[Activity] Retype the records word for word. Skip every image.

───── Material provided

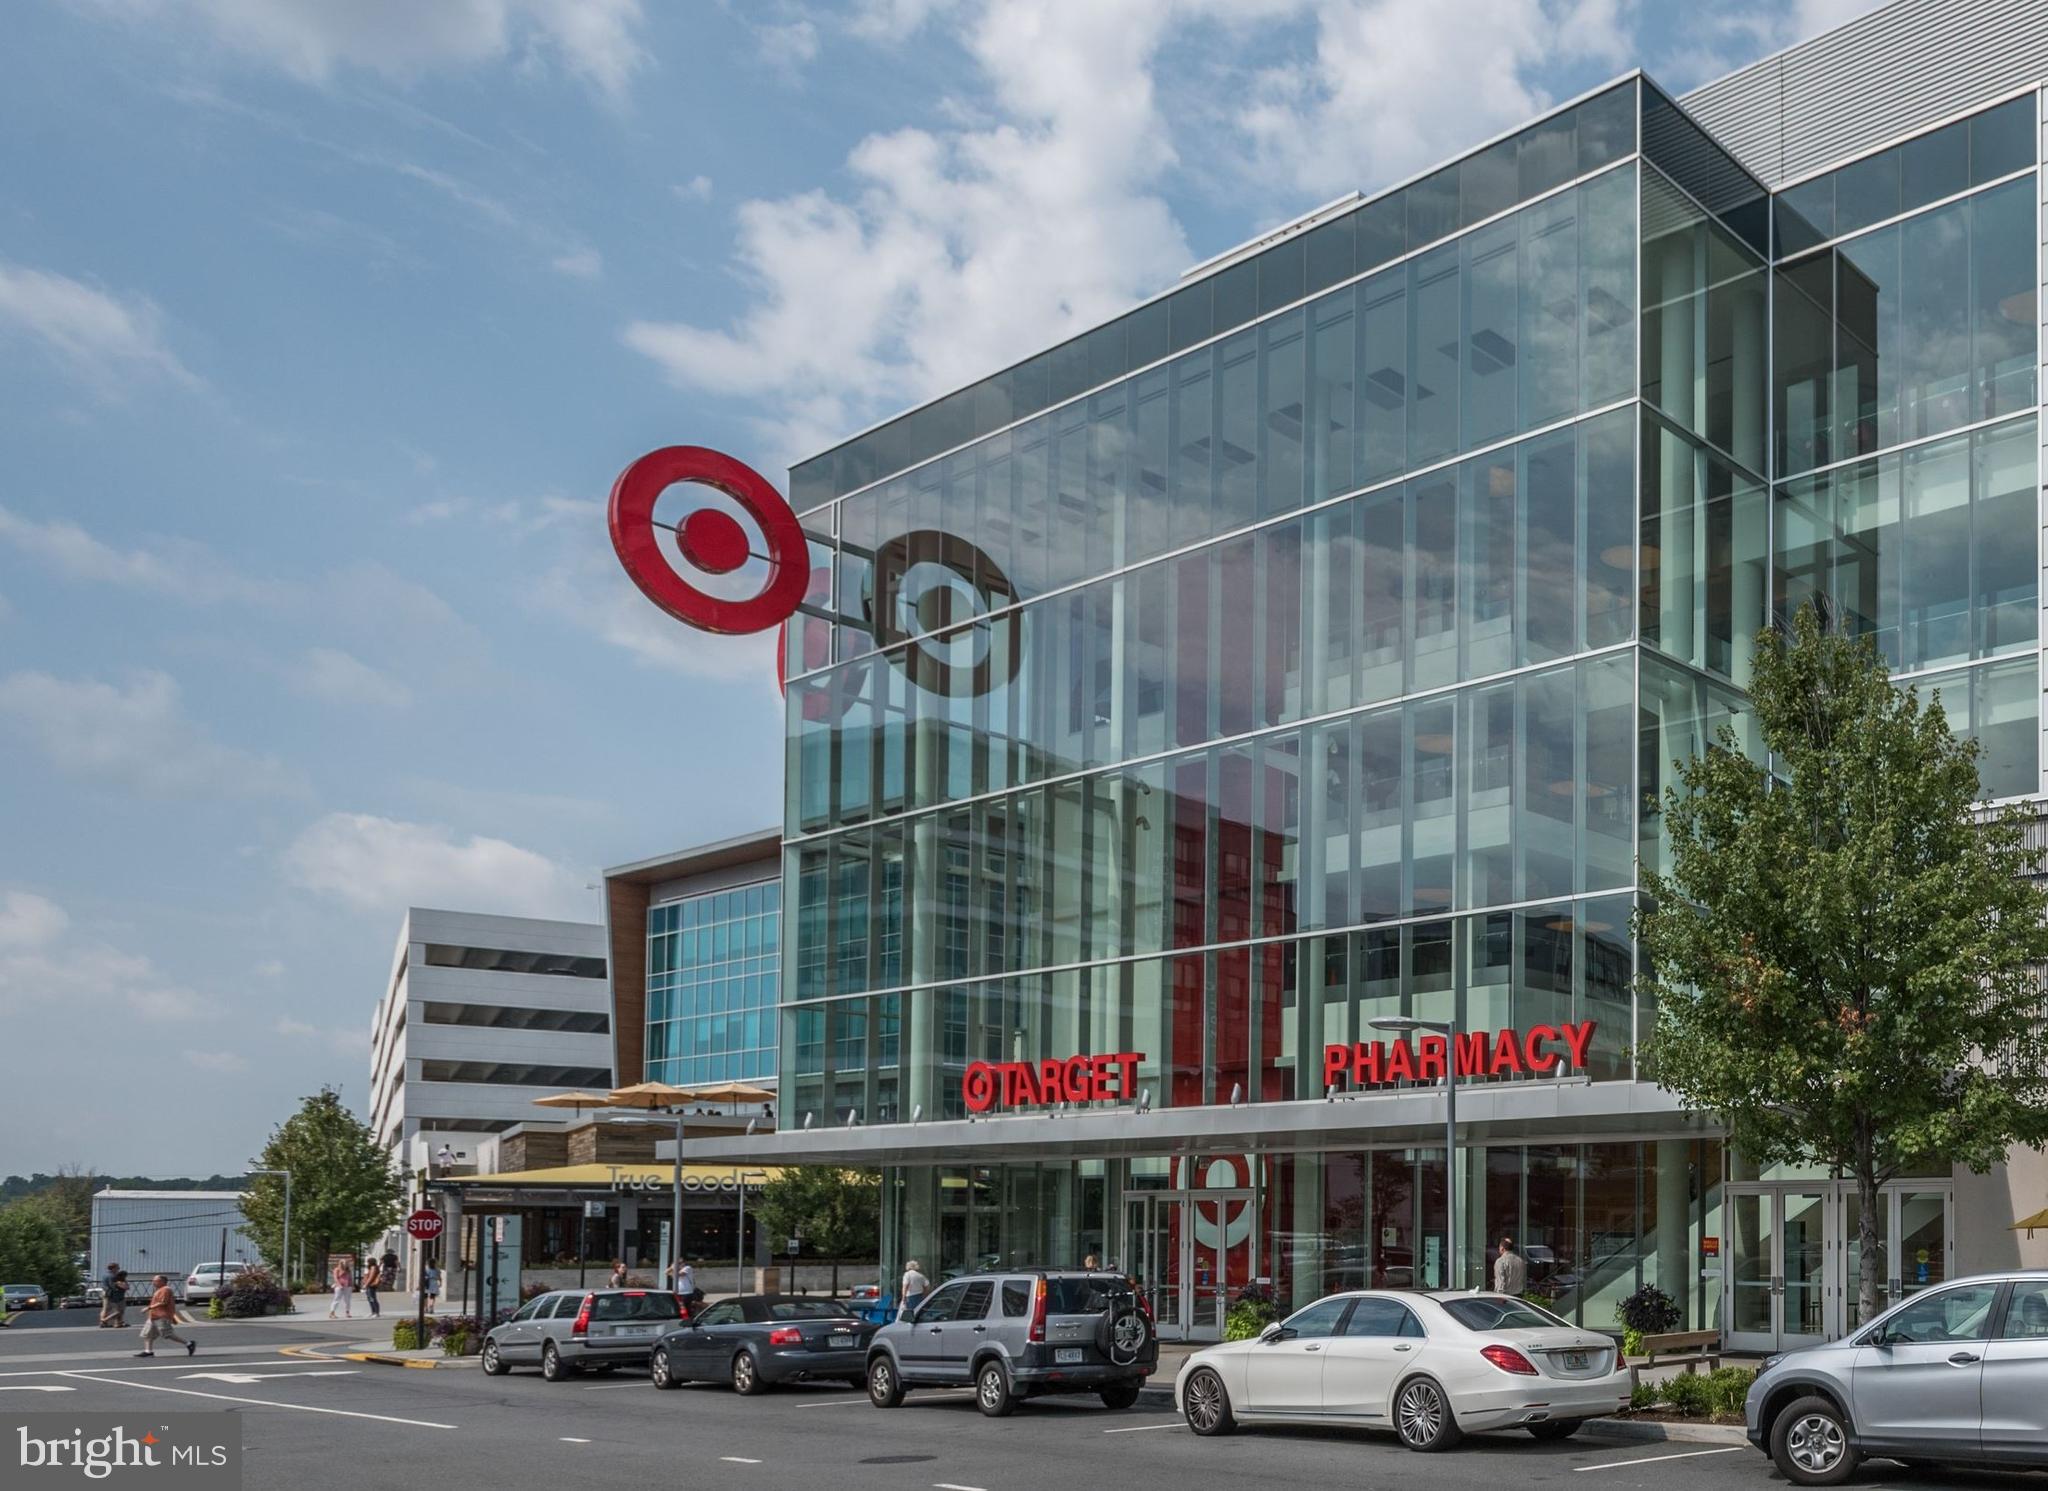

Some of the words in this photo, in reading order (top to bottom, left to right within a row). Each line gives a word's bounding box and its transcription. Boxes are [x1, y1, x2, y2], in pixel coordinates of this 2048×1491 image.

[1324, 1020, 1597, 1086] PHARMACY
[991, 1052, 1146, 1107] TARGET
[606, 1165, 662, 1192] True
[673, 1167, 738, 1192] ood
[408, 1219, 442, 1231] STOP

──────────

[Task response]
Some of the words in this photo, in reading order (top to bottom, left to right within a row). Each line gives a word's bounding box and its transcription. Boxes are [x1, y1, x2, y2], in pixel coordinates of this 2048×1491 image.

[1324, 1020, 1597, 1086] PHARMACY
[991, 1052, 1146, 1107] TARGET
[606, 1165, 662, 1192] True
[673, 1167, 738, 1192] ood
[408, 1219, 442, 1231] STOP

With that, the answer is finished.